府尹接着说道:“我让捕头查过,周炳坤昨日一整日都在太学,并未回家,那在周家吃菜喝酒的人又是谁?

斋舍另一个学子也说,周炳坤回到斋舍之后,就睡了,半夜并没有听到他出门的声音。

卯时一刻,那学子起夜,见周炳坤并未躺在床上,被褥也未整理,想着也是起夜去了,刚出门便听到一声门房的尖叫,斋舍学子被惊醒,才听说周炳坤被害的。”

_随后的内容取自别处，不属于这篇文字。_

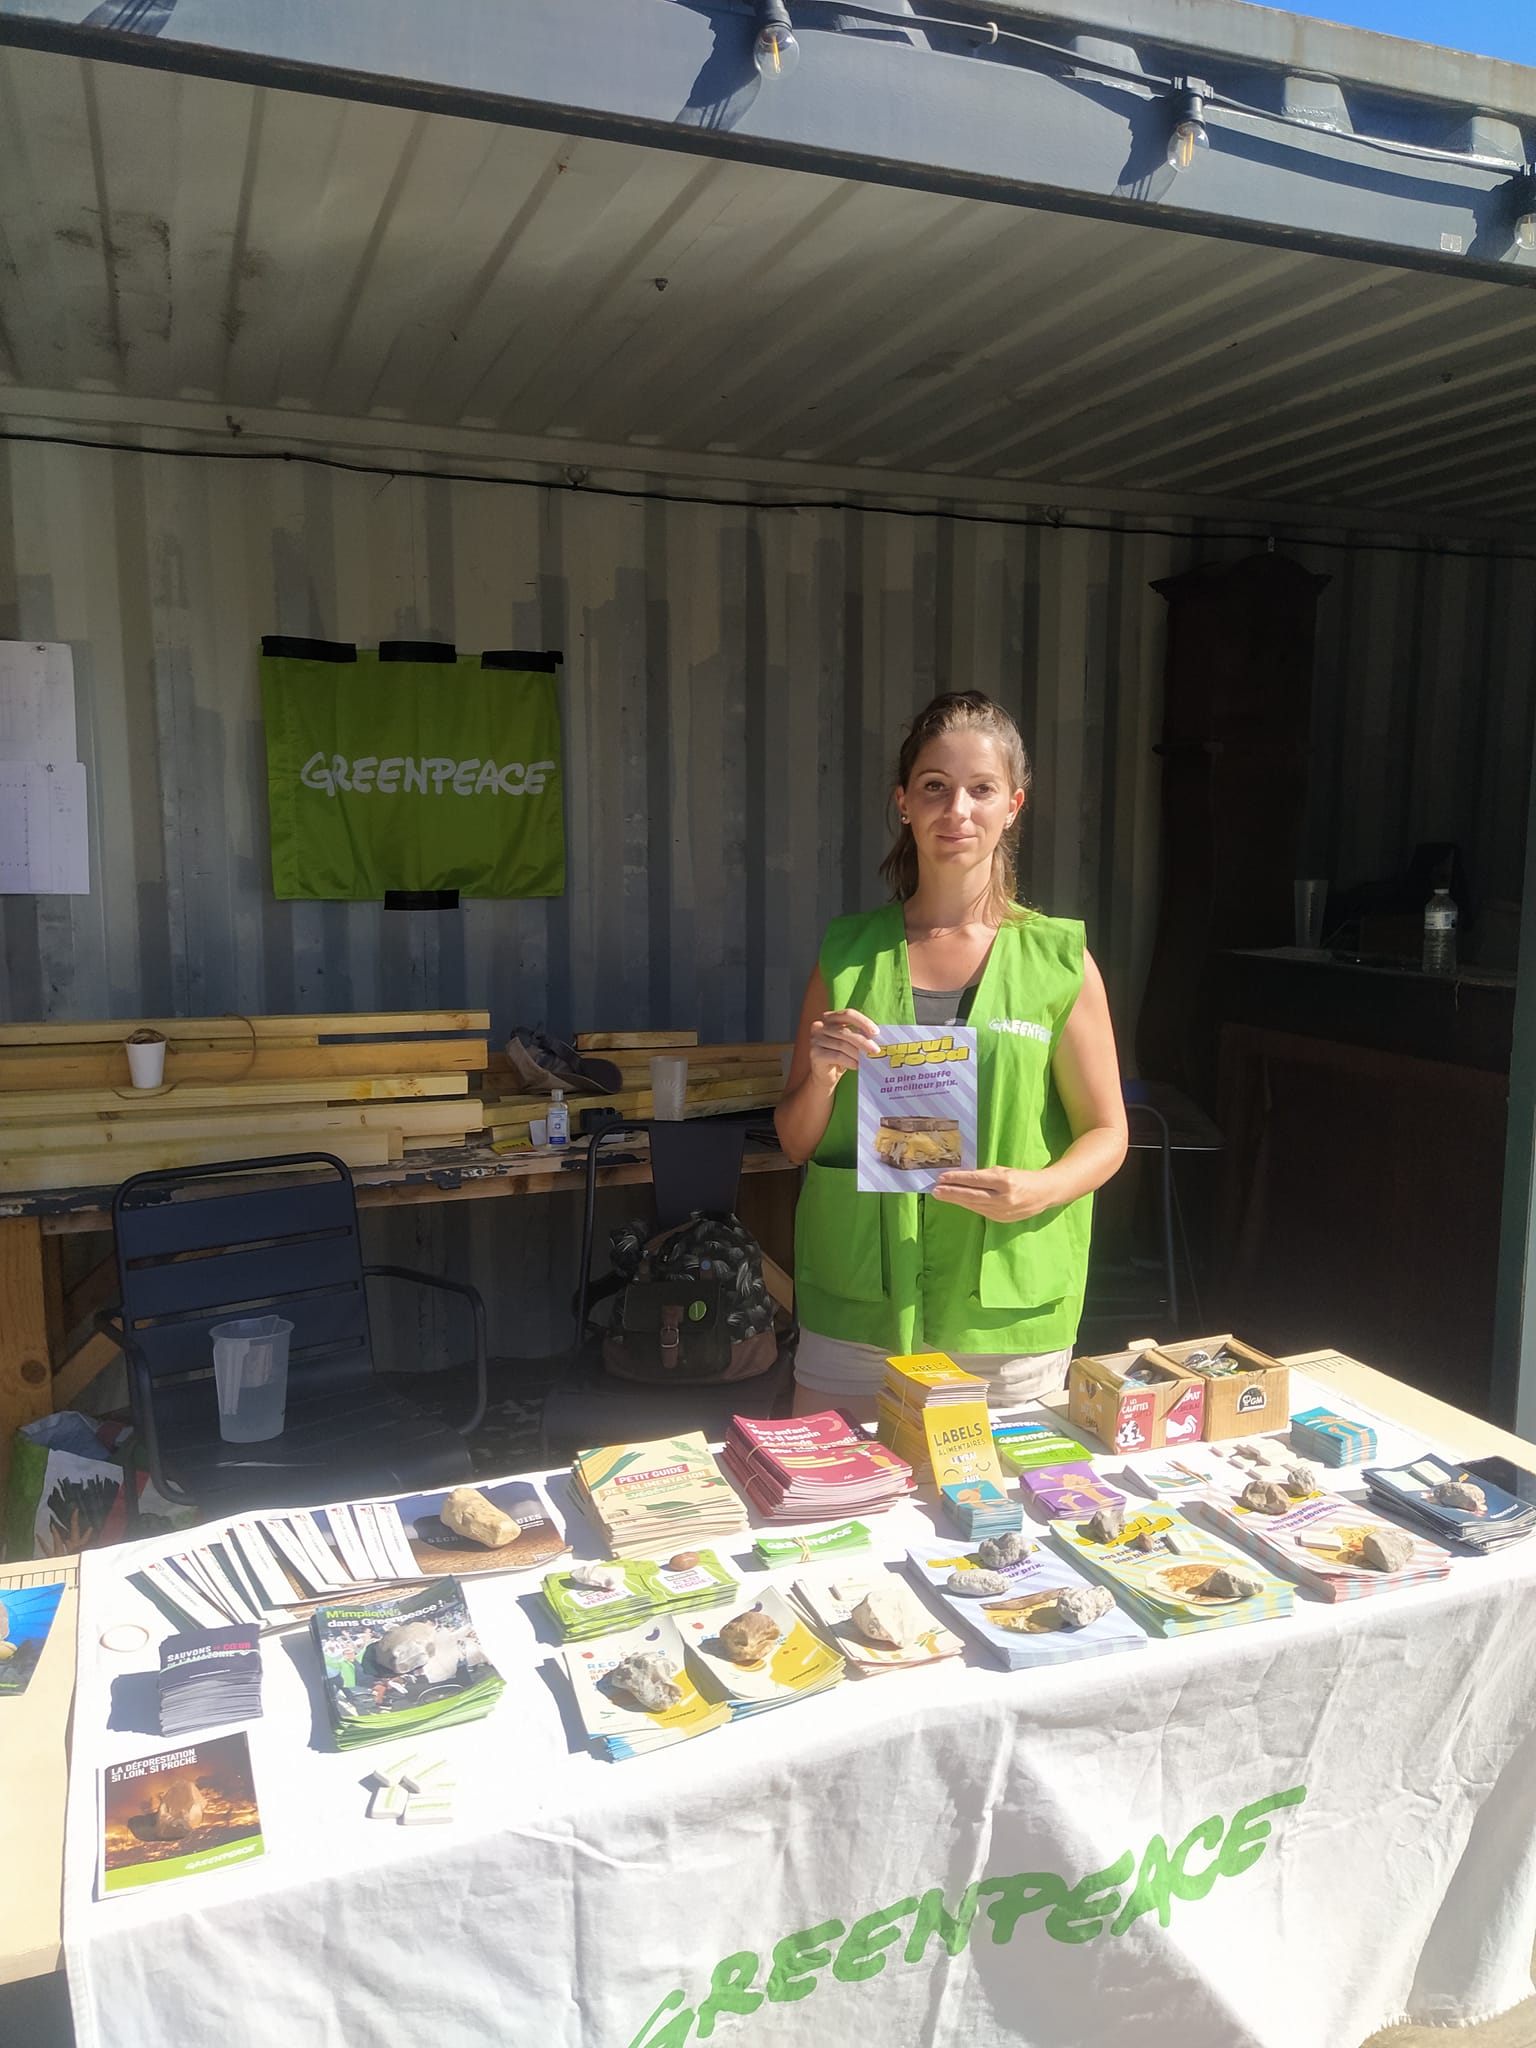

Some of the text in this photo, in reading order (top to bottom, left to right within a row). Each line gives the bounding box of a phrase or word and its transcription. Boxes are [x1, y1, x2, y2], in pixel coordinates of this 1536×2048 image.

杨蓁也疑惑了,那在周家的人谁,她总感觉是有人要把她引到周家一样。

谭仵作凑到杨蓁身边,试图看出一点端倪,可杨蓁就跟看傻子一样看着她。

好气!

“大人,杨蓁和斋舍的学子,肯定有一方在说谎。与周炳坤同住的两名学子供词是一致的,那就是杨蓁在撒谎了?搞不好,就是杨蓁杀的人!”

杨蓁:“动机呢?我跟周炳坤无冤无仇的。”

“为了卖棺材?”谭仵作秃噜了一句。

杨蓁踹了谭仵作一脚,“你脑子不好就多吃猪脑,为了卖棺材,我去杀人?我疯了吗?”

说完,杨蓁掏出一叠银票,“看看,我像是缺钱的人?”

“有钱了不起啊?”

“当然了不起,对了,还有一件事,广宁伯府来报官了吗?”杨蓁问道,昨夜忙着追那人,都没来得及报官。

府尹:“没有,这跟广宁伯府又有什么关系?”

“广宁伯府的阮七小姐也死了,同样被人挖了心脏,我偷偷进去看过,剜心的手法,和之前那几个被剥了皮肤的死者很像,如果这心脏不是周炳坤的,那很有可能就是阮七小姐的。”